*Task item*
Write out each record below exactly as it appears, with no pictures.

(Phrase grounding data)
-- Opening Marker --

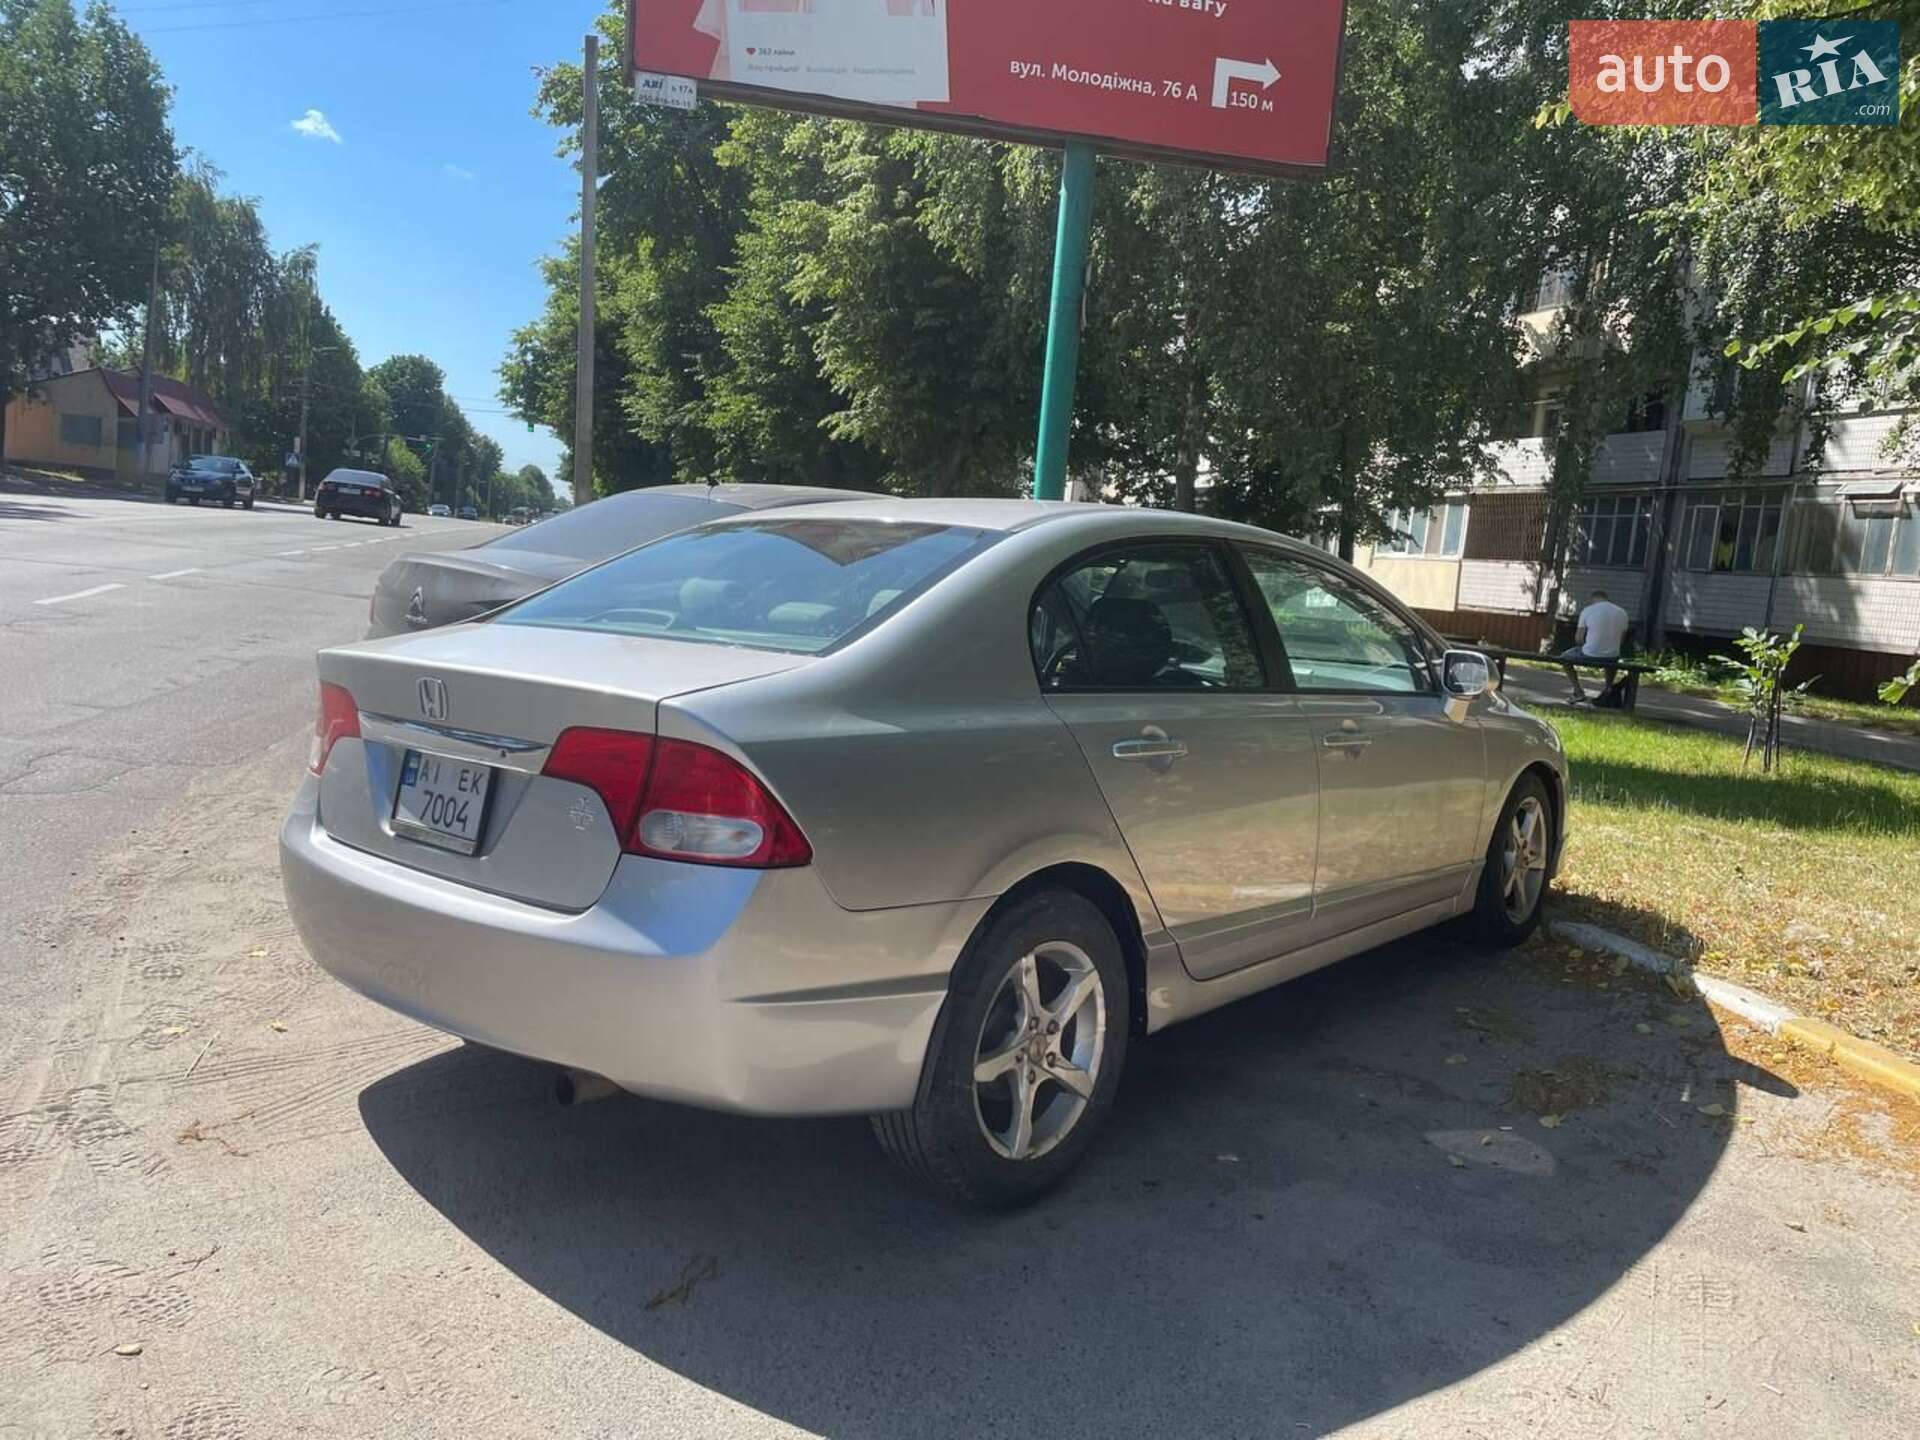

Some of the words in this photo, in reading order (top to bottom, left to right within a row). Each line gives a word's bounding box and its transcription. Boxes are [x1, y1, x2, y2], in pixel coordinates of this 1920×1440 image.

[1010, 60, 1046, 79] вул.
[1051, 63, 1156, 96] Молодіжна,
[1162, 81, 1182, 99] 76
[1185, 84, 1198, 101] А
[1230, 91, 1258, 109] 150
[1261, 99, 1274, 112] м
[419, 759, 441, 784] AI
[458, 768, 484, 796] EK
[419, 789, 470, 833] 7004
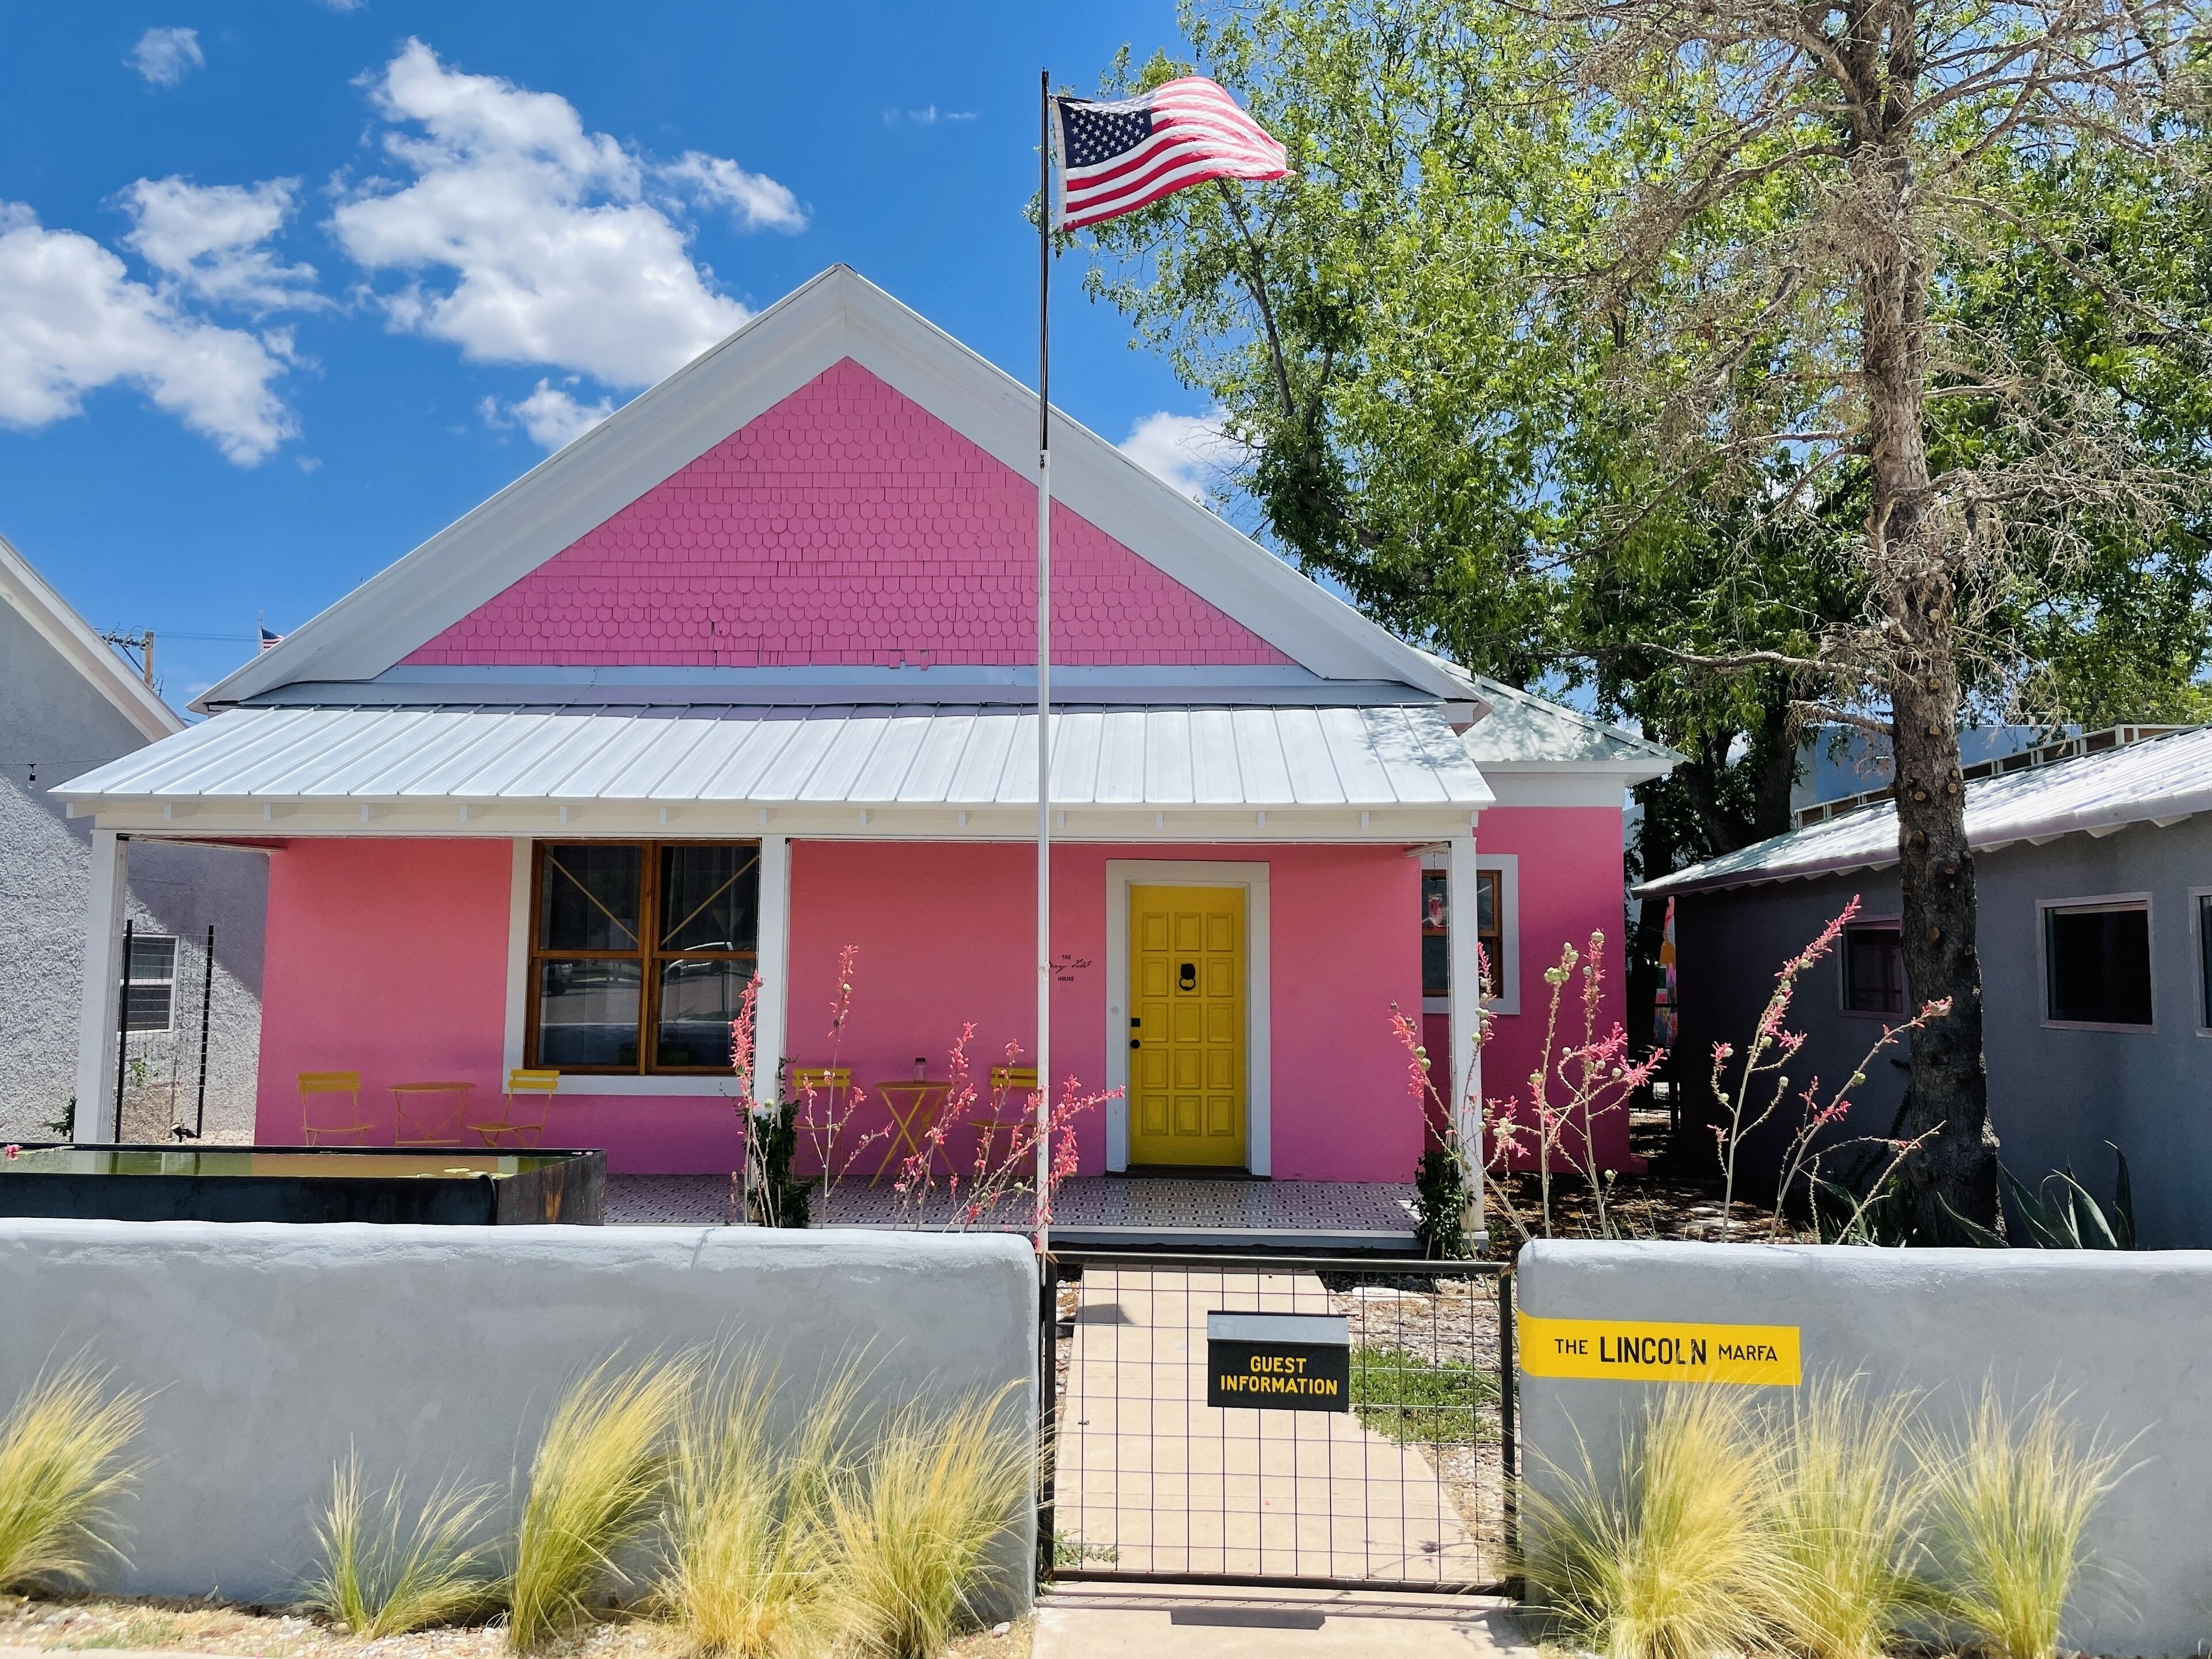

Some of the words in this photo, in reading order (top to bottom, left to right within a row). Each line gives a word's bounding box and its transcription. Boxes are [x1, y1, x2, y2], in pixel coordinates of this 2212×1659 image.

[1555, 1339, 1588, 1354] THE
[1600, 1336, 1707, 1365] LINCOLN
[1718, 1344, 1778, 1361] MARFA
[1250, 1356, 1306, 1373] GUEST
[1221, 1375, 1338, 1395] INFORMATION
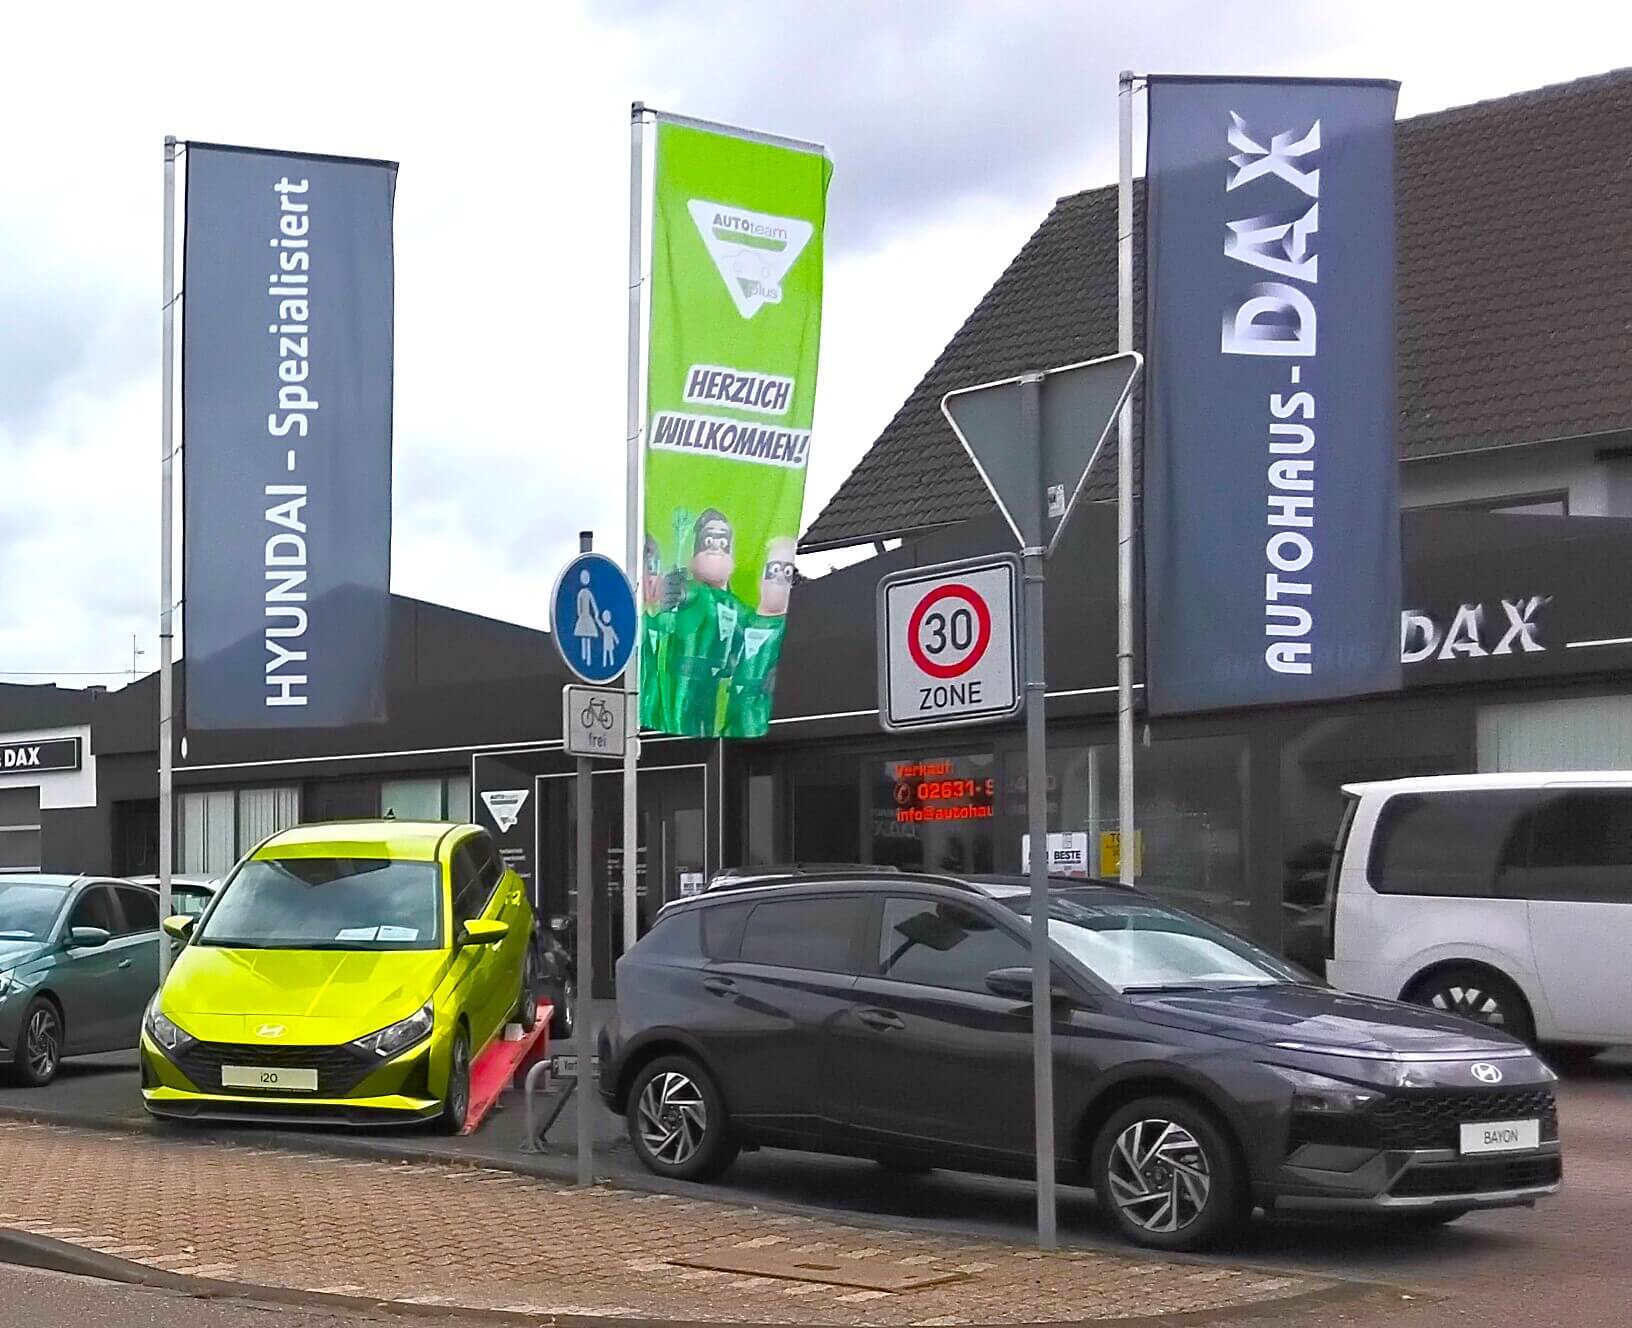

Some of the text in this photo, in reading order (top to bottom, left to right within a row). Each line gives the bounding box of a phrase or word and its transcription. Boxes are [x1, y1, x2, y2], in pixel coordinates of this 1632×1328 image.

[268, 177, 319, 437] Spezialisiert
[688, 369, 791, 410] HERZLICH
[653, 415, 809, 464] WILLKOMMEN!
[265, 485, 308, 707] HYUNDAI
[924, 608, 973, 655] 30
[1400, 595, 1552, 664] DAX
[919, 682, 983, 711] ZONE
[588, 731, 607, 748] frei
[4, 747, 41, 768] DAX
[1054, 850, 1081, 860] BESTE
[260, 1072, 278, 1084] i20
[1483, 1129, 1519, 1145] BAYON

-- Closing Marker --

*Answer for the task*
Some of the words in this photo, in reading order (top to bottom, left to right within a row). Each line gives a word's bounding box and its transcription. Boxes are [x1, y1, x2, y2], in pixel coordinates of this 1920×1440 image.

[1010, 60, 1046, 79] вул.
[1051, 63, 1156, 96] Молодіжна,
[1162, 81, 1182, 99] 76
[1185, 84, 1198, 101] А
[1230, 91, 1258, 109] 150
[1261, 99, 1274, 112] м
[419, 759, 441, 784] AI
[458, 768, 484, 796] EK
[419, 789, 470, 833] 7004

Some of the words in this photo, in reading order (top to bottom, left to right within a row). Each line gives a word's bounding box and its transcription. Boxes are [x1, y1, x2, y2], in pixel coordinates of this 2212×1659 image.

[1555, 1339, 1588, 1354] THE
[1600, 1336, 1707, 1365] LINCOLN
[1718, 1344, 1778, 1361] MARFA
[1250, 1356, 1306, 1373] GUEST
[1221, 1375, 1338, 1395] INFORMATION

Some of the text in this photo, in reading order (top to bottom, left to right within a row). Each line gives the bounding box of a phrase or word and its transcription. Boxes are [x1, y1, x2, y2], in pixel coordinates of this 1632×1328 image.

[268, 177, 319, 437] Spezialisiert
[688, 369, 791, 410] HERZLICH
[653, 415, 809, 464] WILLKOMMEN!
[265, 485, 308, 707] HYUNDAI
[924, 608, 973, 655] 30
[1400, 595, 1552, 664] DAX
[919, 682, 983, 711] ZONE
[588, 731, 607, 748] frei
[4, 747, 41, 768] DAX
[1054, 850, 1081, 860] BESTE
[260, 1072, 278, 1084] i20
[1483, 1129, 1519, 1145] BAYON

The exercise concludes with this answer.